Where an entry holds an image, skip the image but reproduce the rest word for word.

BEGIN Records for the task

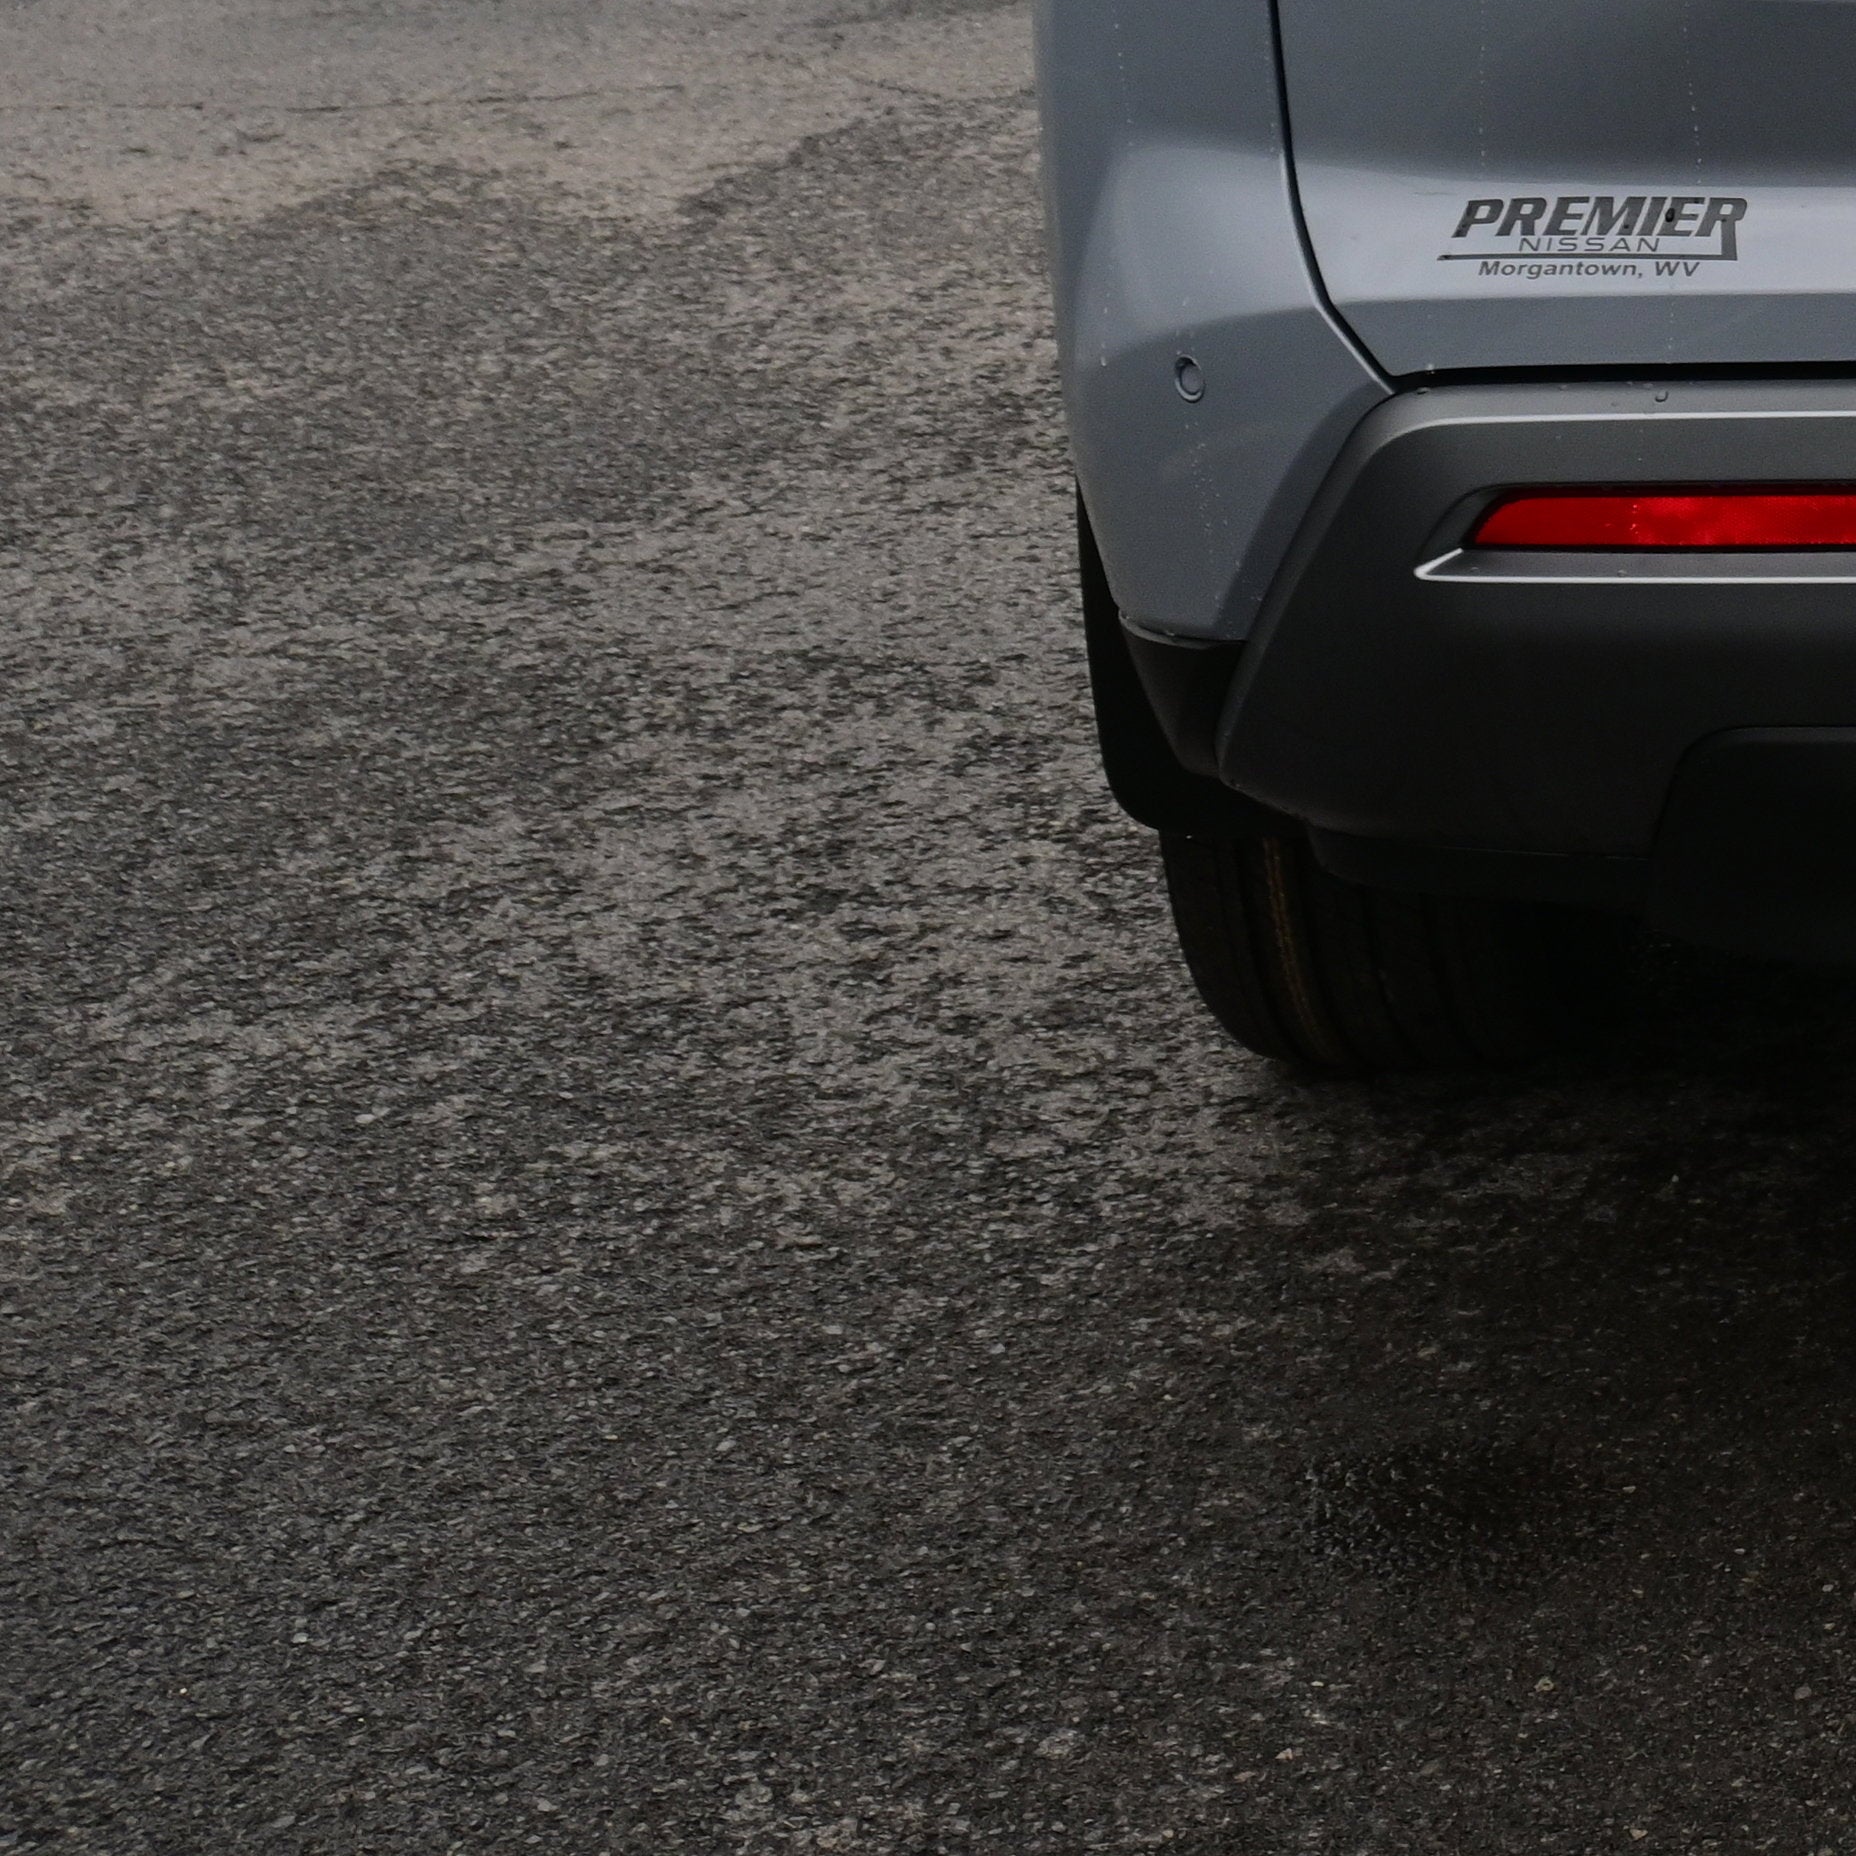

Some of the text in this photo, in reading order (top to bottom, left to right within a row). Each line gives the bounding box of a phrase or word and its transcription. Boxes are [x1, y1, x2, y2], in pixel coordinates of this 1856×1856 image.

[1450, 196, 1748, 256] PREMIER
[1518, 237, 1661, 252] NISSAN
[1478, 260, 1700, 280] Morgantown, WV
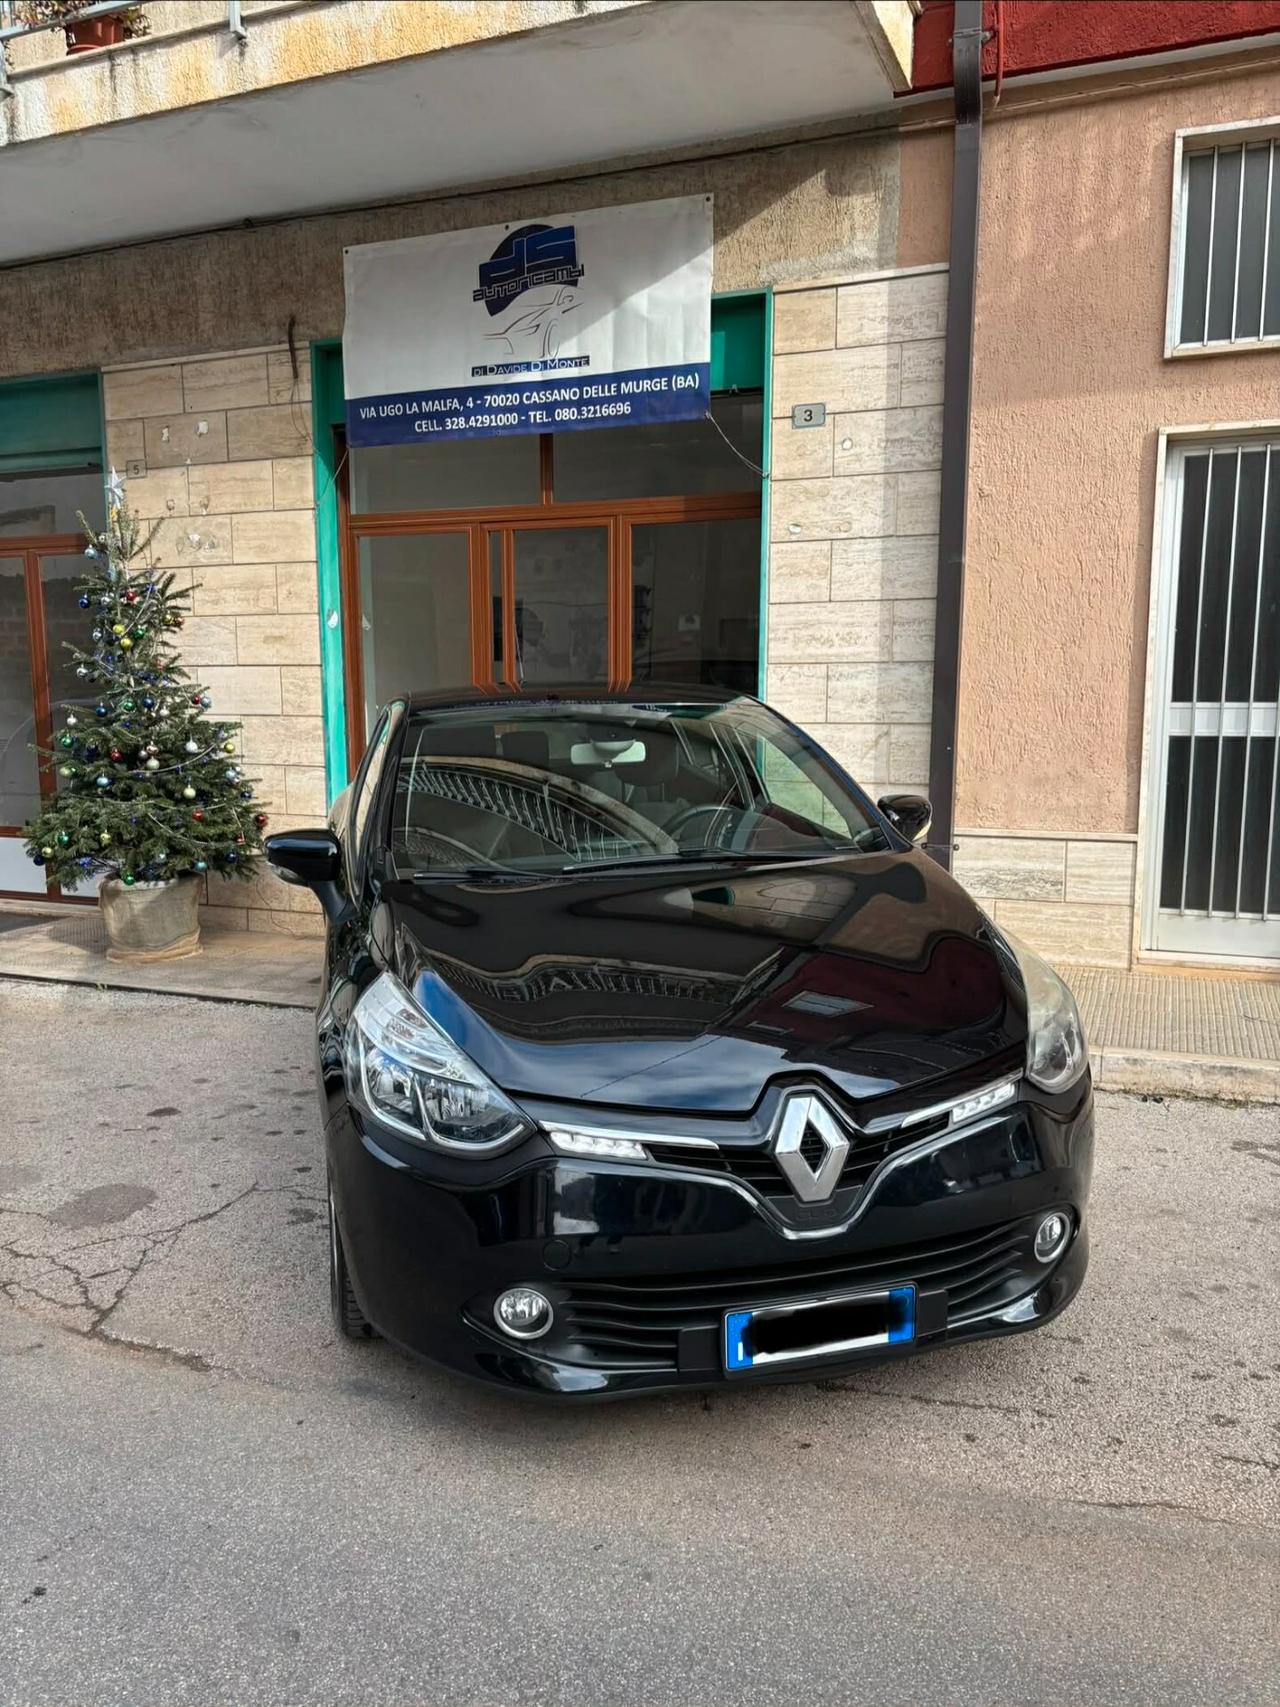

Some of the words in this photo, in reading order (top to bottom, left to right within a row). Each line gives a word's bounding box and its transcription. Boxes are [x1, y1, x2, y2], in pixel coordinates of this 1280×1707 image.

[360, 408, 376, 419] VIA
[379, 404, 403, 417] UGO
[406, 403, 419, 414] LA
[422, 398, 463, 413] MALFA,
[466, 397, 474, 408] 4
[484, 393, 519, 407] 70020
[523, 388, 580, 404] CASSANO
[583, 383, 617, 398] DELLE
[621, 377, 668, 394] MURGE
[672, 372, 699, 392] (BA)
[415, 420, 442, 432] CELL.
[445, 413, 518, 430] 328.4291000
[529, 411, 551, 423] TEL.
[555, 402, 631, 421] 080.3216696
[803, 409, 813, 422] 3
[133, 464, 140, 475] 5

END Records for the task

__Result of the exercise__
Some of the text in this photo, in reading order (top to bottom, left to right within a row). Each line gives the bounding box of a phrase or word and its transcription. Boxes are [x1, y1, x2, y2], in pixel coordinates of this 1856×1856 image.

[1450, 196, 1748, 256] PREMIER
[1518, 237, 1661, 252] NISSAN
[1478, 260, 1700, 280] Morgantown, WV

Some of the words in this photo, in reading order (top to bottom, left to right within a row). Each line gives a word's bounding box and its transcription. Boxes are [x1, y1, x2, y2], in pixel coordinates of this 1280×1707 image.

[360, 408, 376, 419] VIA
[379, 404, 403, 417] UGO
[406, 403, 419, 414] LA
[422, 398, 463, 413] MALFA,
[466, 397, 474, 408] 4
[484, 393, 519, 407] 70020
[523, 388, 580, 404] CASSANO
[583, 383, 617, 398] DELLE
[621, 377, 668, 394] MURGE
[672, 372, 699, 392] (BA)
[415, 420, 442, 432] CELL.
[445, 413, 518, 430] 328.4291000
[529, 411, 551, 423] TEL.
[555, 402, 631, 421] 080.3216696
[803, 409, 813, 422] 3
[133, 464, 140, 475] 5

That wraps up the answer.